Leukocratie, Blanchiment: Panos Kammenos ministre grec de la défense veut acheter des frégates à DCNS (Rappel: La grèce est endettée à hauteur de 235% de son PIB)

La scène est cocasse : au cours d’une conférence donnée à l’académie navale du Pirée (le port d’Athènes) le 6 décembre, le ministre grec de la Défense, Panos Kammenos, a annoncé qu’il fera appel aux dons des particuliers pour financer l’achat de nouveaux navires pour sa marine de guerre.
Dans le contexte des tensions croissantes avec la Turquie, notamment autour des îles grecques les plus proches de la côte turque, cette modernisation de la flotte de surface est cruciale. «  Je serai le premier à faire don de mon salaire pour cet effort  », a promis le ministre, le jour de la Saint-Nicolas, saint-patron de la marine grecque. «  Nous avons aujourd’hui besoin des grands donateurs et mécènes du pays  », a-t-il déclaré. L’objectif : «  financer l’acquisition de frégates et d’un navire amiral  », a-t-il encore expliqué.

Le choix des Grecs se porterait sur des navires français construits par Naval Group (ex-DCNS). «  Nous en parlons très régulièrement avec nos partenaires grecs  », confirme le cabinet de la ministre des Armées, à Paris, sans préciser quel type de navire est évoqué. Même réponse du côté de Naval Group, qui concède prudemment que «  des discussions sont en cours  ». En fait, les tractations n’ont jamais cessé depuis 2009, date des premiers échanges bilatéraux sur le sujet. Même aux pires moments de la crise de la dette grecque, l’industriel français a maintenu actif son bureau d’Athènes.

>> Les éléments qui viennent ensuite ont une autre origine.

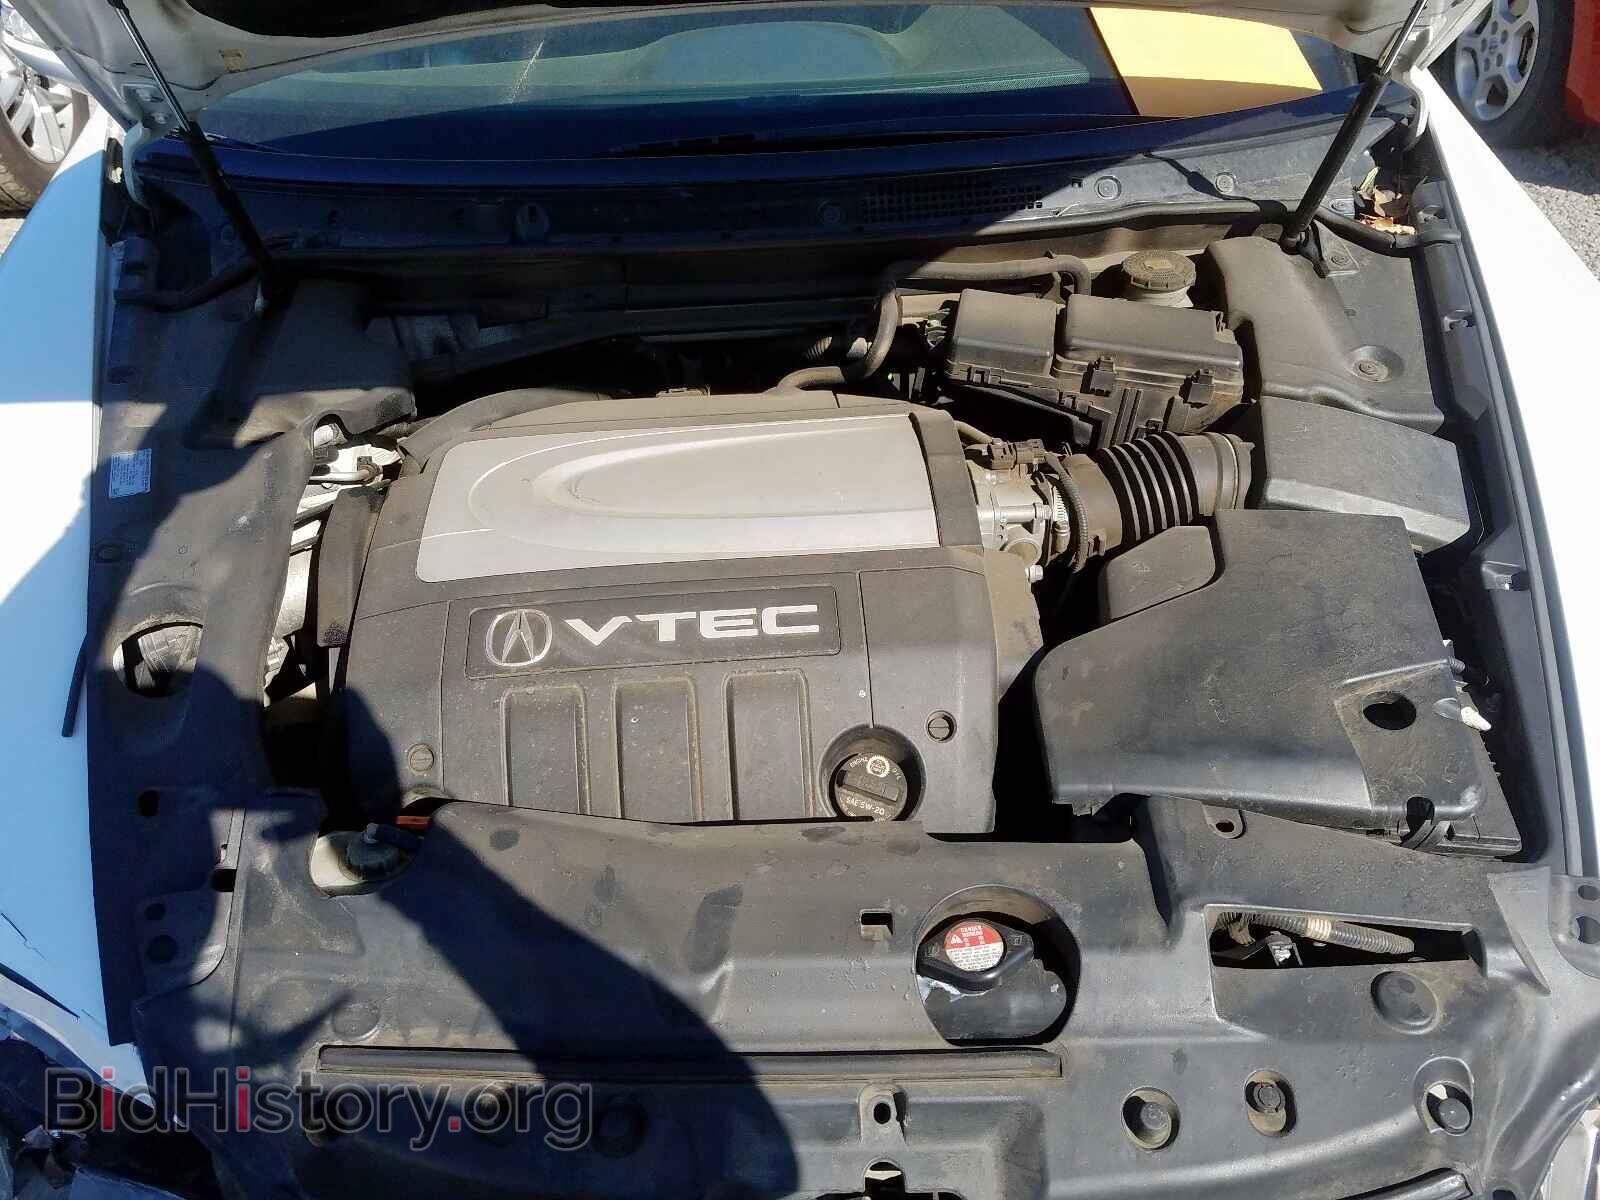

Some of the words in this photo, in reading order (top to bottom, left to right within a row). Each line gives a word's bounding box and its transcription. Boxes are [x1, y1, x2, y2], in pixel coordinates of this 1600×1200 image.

[565, 605, 819, 646] VTEC
[847, 796, 859, 807] SAE
[860, 801, 885, 815] 5W-20

Si la frégate multimissions (Fremm) avait un temps été évoquée, les discussions porteraient aujourd’hui exclusivement sur la nouvelle frégate de taille intermédiaire (FTI), un navire ultramoderne, sorte de «  frégate numérisée » avec un équipage restreint, ou de «  Fremm compacte  » comme la décrit la marine nationale française. D’ailleurs, mi-novembre, Naval Group a reçu une délégation de journalistes grecs pour leur présenter… la FTI. Et en a profité pour leur montrer sa torpille lourde F21, qu’il espère bien exporter aussi dans le pays.

Athènes veut aussi le missile de croisière naval

Dotée des mêmes types d’équipements que sa grande sœur la Fremm (à l’exception du radar Seafire, plus moderne sur la FTI), la FTI a l’avantage d’être bien moins chère. Athènes voudrait s’en procurer quatre : deux fabriquées en France et deux fabriquées en Grèce. La piste du leasing (location avec option d’achat au bout d’une certaine durée, NDLR), évoquée un temps pour des Fremm comme l’avait révélé La Tribune, a été écartée au profit d’un achat plus traditionnel.

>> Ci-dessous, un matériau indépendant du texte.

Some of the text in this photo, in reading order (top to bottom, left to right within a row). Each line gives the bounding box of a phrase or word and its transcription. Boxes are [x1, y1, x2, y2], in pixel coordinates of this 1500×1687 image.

Les discussions en cours ne se limitent pas aux navires : les amiraux grecs veulent aussi acheter le Graal, ou presque : le missile de croisière naval (MdCN, fabriqué par MBDA, qui n’a pas souhaité faire de commentaire). L’acquisition de cet armement hautement stratégique, que la France a testé pour la première fois lors de l’opération Hamilton en Syrie en avril 2018 (avec un succès mitigé, comme souvent lors d’un premier emploi), serait un coup de maître pour Athènes face à Ankara. La Pologne est en négociation pour l’obtenir aussi, mais avec des sous-marins français Scorpène.

Une première livraison possible dès 2024

Certes, les FTI commandées par la France ne seront pas équipées du MdCN, sauf changement de doctrine. Mais la capacité avait bien été prévue par Naval Group, dans la soute à missiles, à l’avant du navire : l’industriel peut donc proposer sans gros surcoût de développement une version export adaptée à la demande grecque. «  Dans son argumentaire de vente, Naval Group insiste sur la modularité de son navire et sur la possibilité de rajouter des lanceurs  » pour le MdCN, nous confie un proche du dossier.

Côté calendrier, les FTI grecques pourraient être intégrées au planning de livraison des FTI françaises sans les retarder, car «  les chantiers de Lorient ne tournent pas à plein régime avec la seule commande française  », nous confie une autre source sous couvert d’anonymat. La première FTI, dont la livraison est prévue en 2023 à la marine nationale, pourrait donc être suivie dès 2024 par une FTI grecque… si les discussions aboutissent.